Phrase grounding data
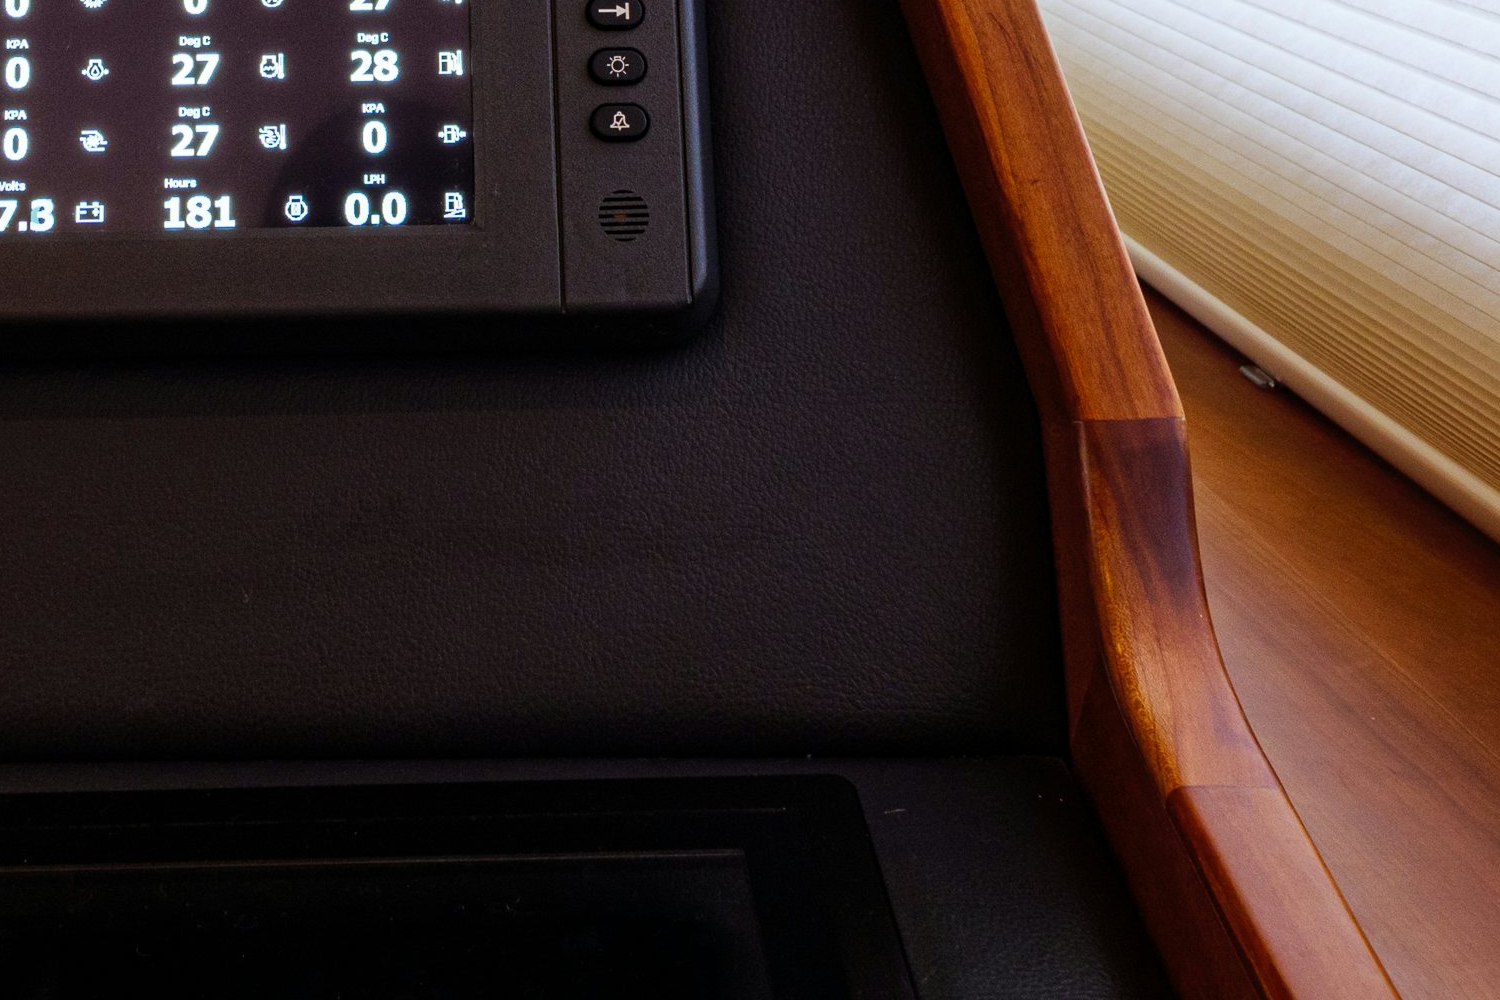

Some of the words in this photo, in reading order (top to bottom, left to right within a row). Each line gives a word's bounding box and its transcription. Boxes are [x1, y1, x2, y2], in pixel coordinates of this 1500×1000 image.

[5, 38, 30, 50] KPA
[179, 35, 200, 48] Deg
[202, 35, 211, 47] C
[357, 32, 378, 46] Deg
[380, 31, 389, 43] C
[4, 55, 30, 90] 0
[171, 52, 220, 87] 27
[350, 49, 400, 84] 28
[3, 109, 28, 121] KPA
[178, 105, 200, 119] Deg
[202, 105, 211, 118] C
[361, 102, 386, 115] KPA
[3, 126, 29, 161] 0
[171, 123, 219, 158] 27
[362, 120, 388, 154] 0
[164, 177, 198, 190] Hours
[363, 173, 386, 185] LPH
[164, 194, 236, 229] 181
[345, 191, 407, 227] 0.0
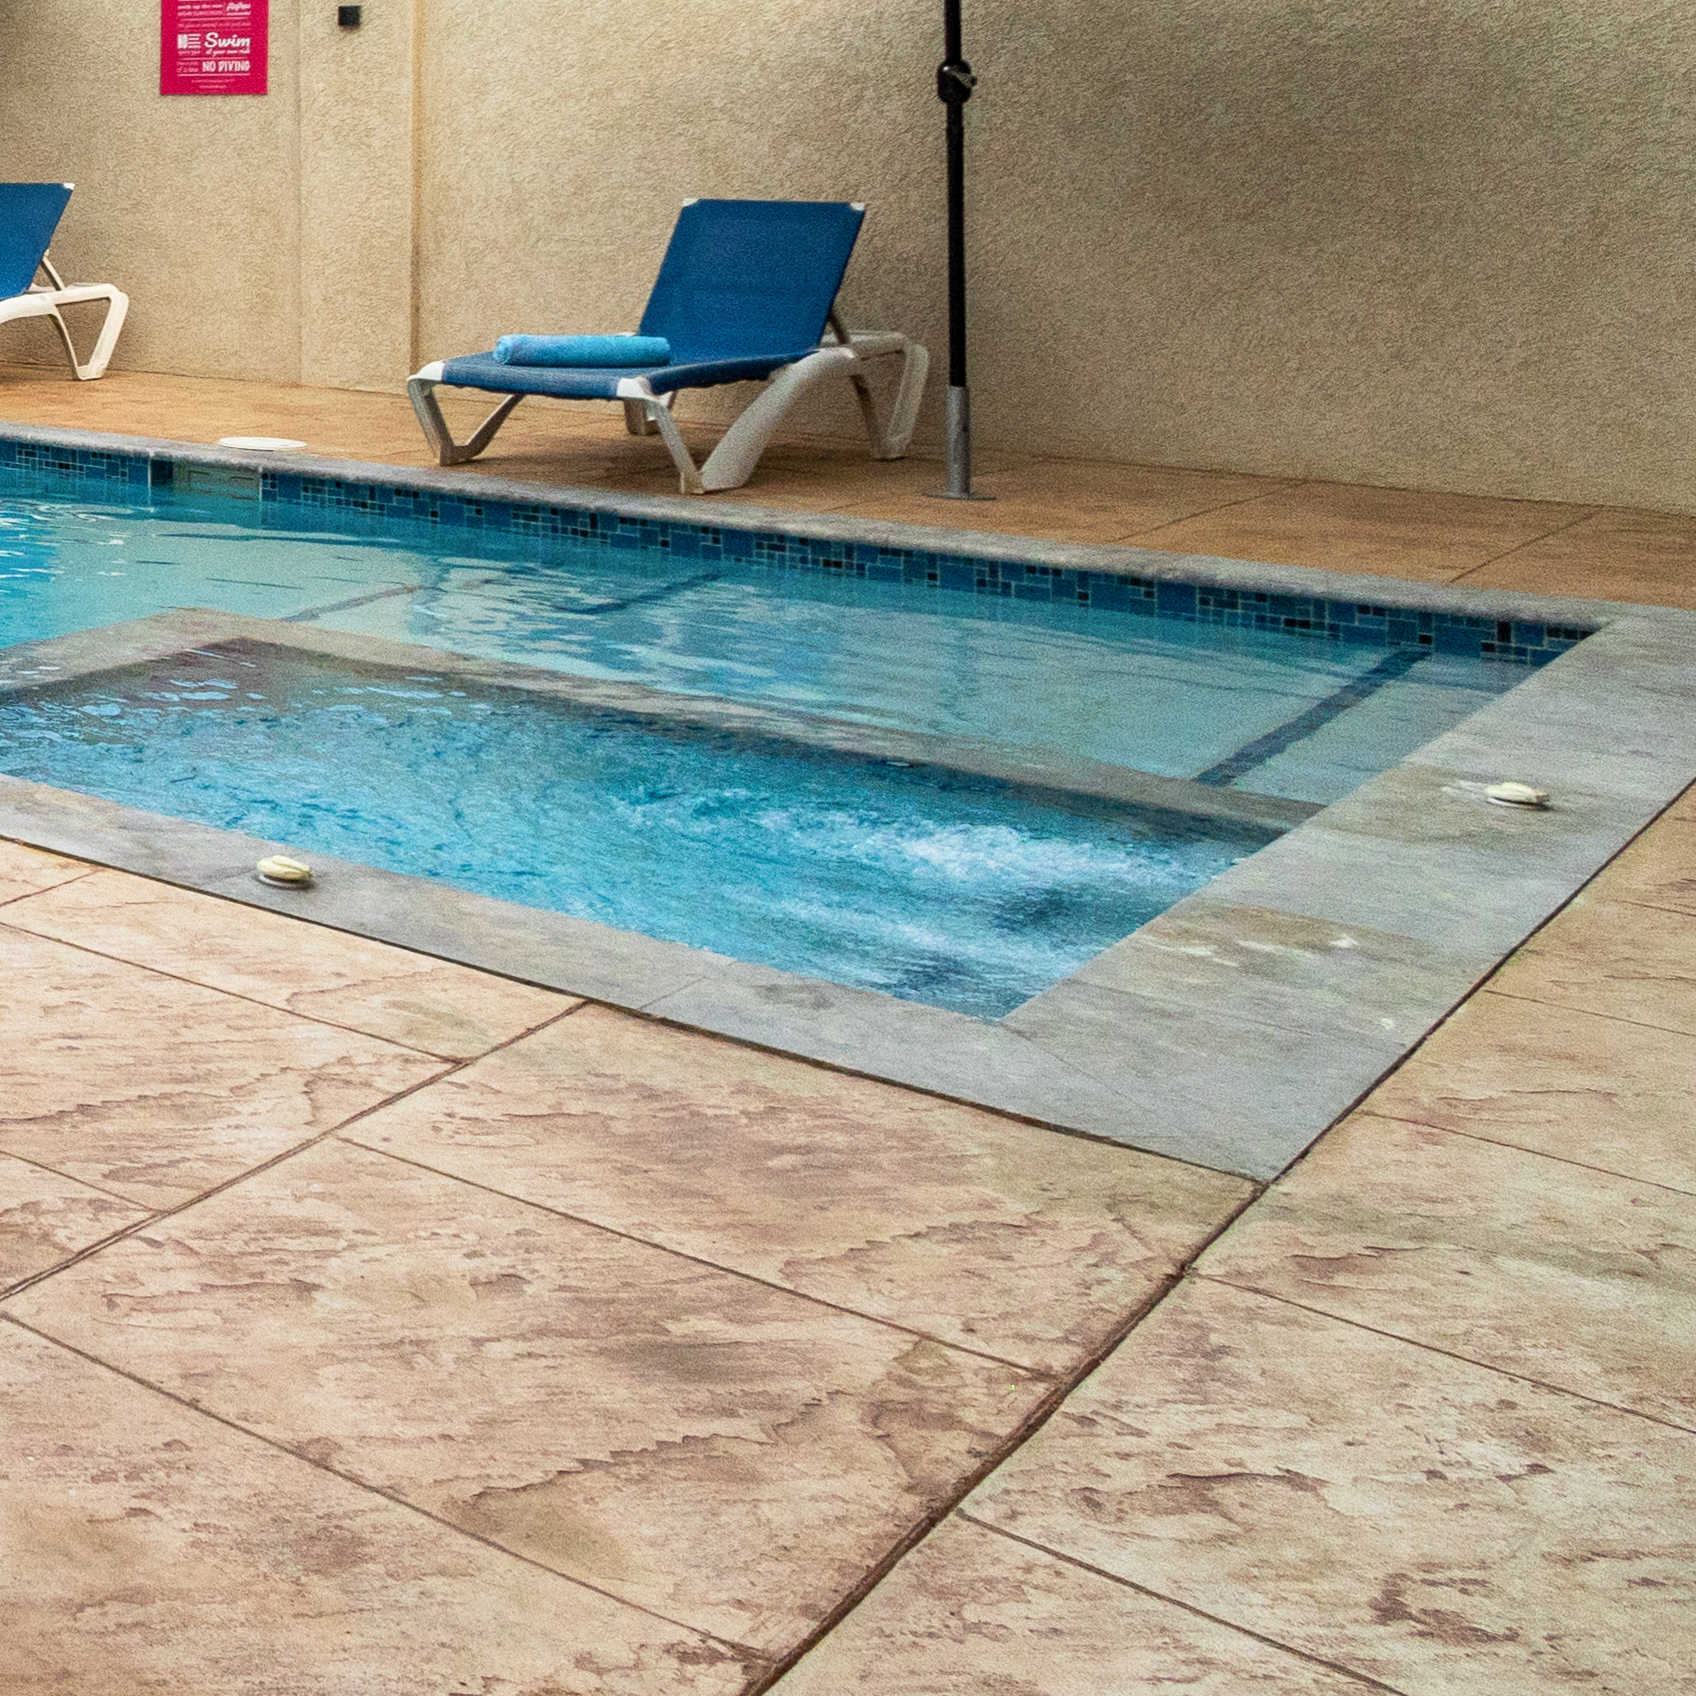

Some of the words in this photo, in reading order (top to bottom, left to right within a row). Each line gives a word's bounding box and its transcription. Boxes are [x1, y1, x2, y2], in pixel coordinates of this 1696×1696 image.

[204, 32, 251, 48] Swim
[202, 60, 216, 72] NO
[218, 59, 251, 72] DIVING

Exercise details
Would you set down the records exactly, with no pictures included?

Answer to this task
Some of the words in this photo, in reading order (top to bottom, left to right within a row). Each line gives a word's bounding box and its transcription. Boxes are [x1, y1, x2, y2], in pixel coordinates of this 1500×1000 image.

[5, 38, 30, 50] KPA
[179, 35, 200, 48] Deg
[202, 35, 211, 47] C
[357, 32, 378, 46] Deg
[380, 31, 389, 43] C
[4, 55, 30, 90] 0
[171, 52, 220, 87] 27
[350, 49, 400, 84] 28
[3, 109, 28, 121] KPA
[178, 105, 200, 119] Deg
[202, 105, 211, 118] C
[361, 102, 386, 115] KPA
[3, 126, 29, 161] 0
[171, 123, 219, 158] 27
[362, 120, 388, 154] 0
[164, 177, 198, 190] Hours
[363, 173, 386, 185] LPH
[164, 194, 236, 229] 181
[345, 191, 407, 227] 0.0

Some of the words in this photo, in reading order (top to bottom, left to right within a row). Each line gives a word's bounding box and its transcription. Boxes are [x1, y1, x2, y2], in pixel coordinates of this 1696×1696 image.

[204, 32, 251, 48] Swim
[202, 60, 216, 72] NO
[218, 59, 251, 72] DIVING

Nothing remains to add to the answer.